Antique Pottery Identification Guide
The good news and the bad news is that 99% of good art pottery is marked. From a collectors standpoint that is great news. Most pieces can easily be identified and collected. However, it is bad news for the pickers, flippers, and weekend warriors who are trying to use their knowledge to buy hidden gems. Obviously if a pot is marked as “FULPER” in huge letters, then it is pretty easy even for the unacquainted to identify, research, and value their pottery. This first thing you might consider doing is checking out our antique pottery mark guide, or look at the maker specific pages in the left hand side navigation. That will help you down the path to identifying and pricing art pottery.
Virtually all American art pottery made between 1900 and 1930, the golden era of arts and crafts pottery, was produced to be sold at a profit. It was a competitive environment and potteries wanted to brand themselves. That meant that if you were making a line of pottery, you wanted to mark it so the general public could buy it from a store with confidence that they were buying an authentic piece of pottery. There are really four different tiers of identification:
Easy To Identify – Spelled Out
Most marks were just the name of the company incised or stamped into the bottom of the pottery like Pewabic, Redlands, Roblin, Hampshire, Brouwer, Teco, etc. Some potters take it a step further, like Dedham. They wrote their name on each vase they produced and then they complicated it by including initials and dates. However, any time a name is spelled out it makes it pretty easy to identify the maker.
Still Pretty Easy to Identify – Initials
Some are a little bit trickier and you have to be at least moderately familiar with art pottery to know that NC means Newcomb College, SEG is Saturday Evening Girls, PRP is Paul Revere Pottery, AR is Adelaide Robineau, SF is Susan Frackelton, or WJW is Walley. There are also the confusing initials on art pottery that can be difficult to decipher. Most people have a difficult time recognizing the UC on some pots as University City. Other people try to add letters, like to Valentien pottery to make it VIP instead of just VP.
Getting Harder To Identify – Symbols
This is where an in-depth knowledge of art pottery is going to start paying off. There are many potters who just used a symbol to identify their wares.
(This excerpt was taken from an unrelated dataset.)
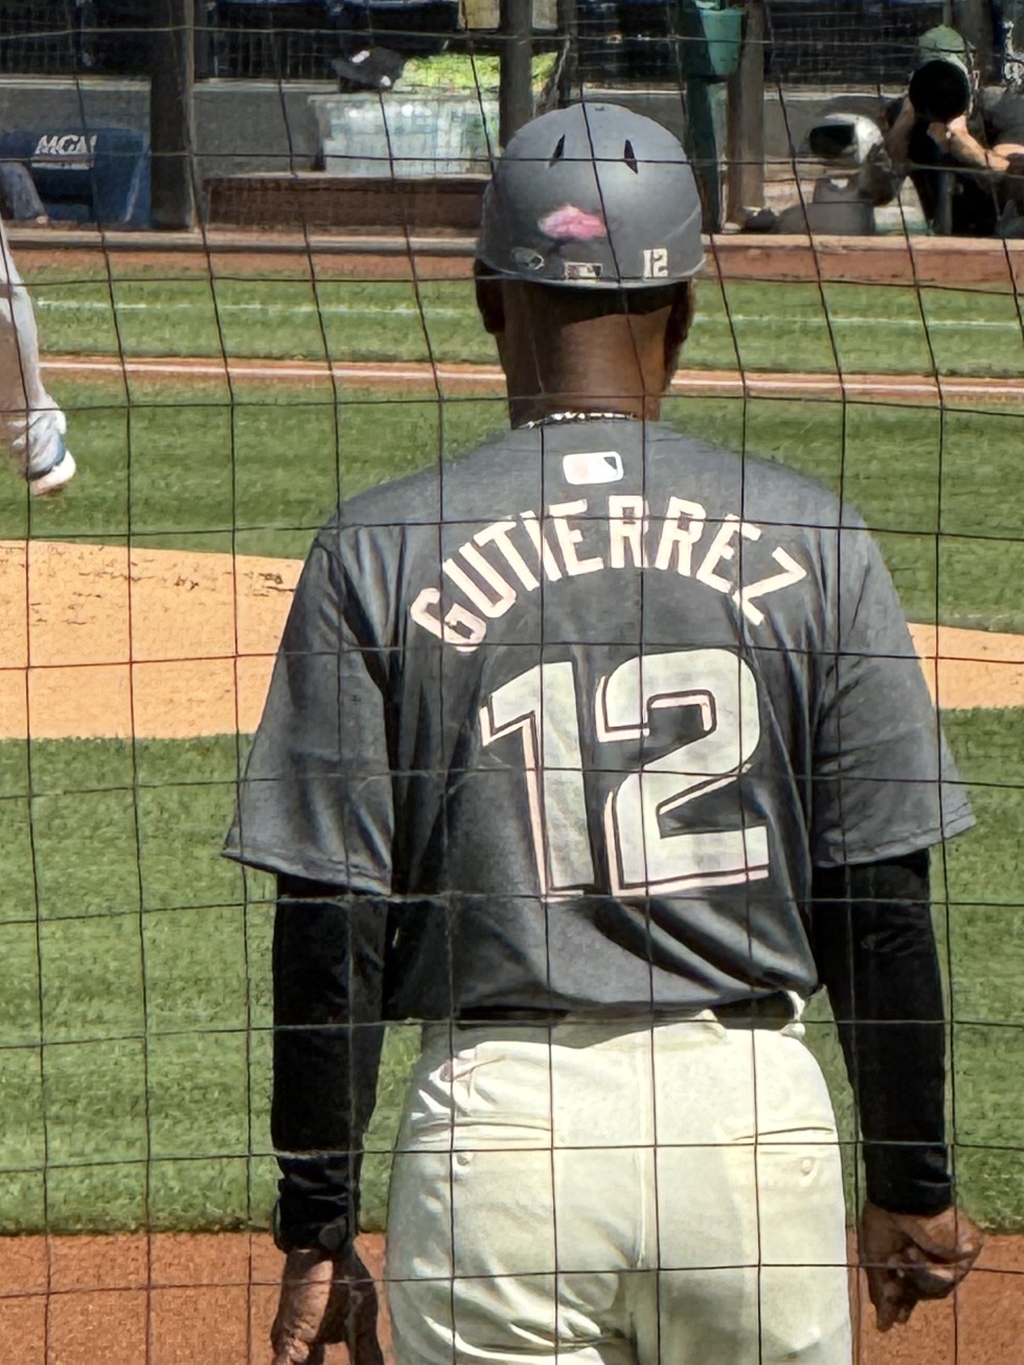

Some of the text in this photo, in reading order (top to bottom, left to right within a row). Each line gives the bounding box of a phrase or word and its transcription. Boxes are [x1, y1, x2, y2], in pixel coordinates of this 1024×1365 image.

We know that Rookwood used a sunburst on some pieces. Marblehead used a sailing ship as their mark. Anyone who puts a moderate amount of time into identifying their pottery will easily be able to interpret the mark. However, there is still room to use your knowledge to find the occasional unrecognized important piece.
Hardest To Identify – Unmarked
There are some collectors and pickers who have memorized dozens of different pottery makers who didn’t mark their wares. These people exploit their knowledge and occasionally make great discoveries, but it is tough. You have to really know your pottery. Many modern pieces are made in a classic style to look like something they are not. If you saw a vase with a blue glaze and Spanish moss you would fully expect it to be Newcomb College. However, if that same vase isn’t marked then that would be a big red flag.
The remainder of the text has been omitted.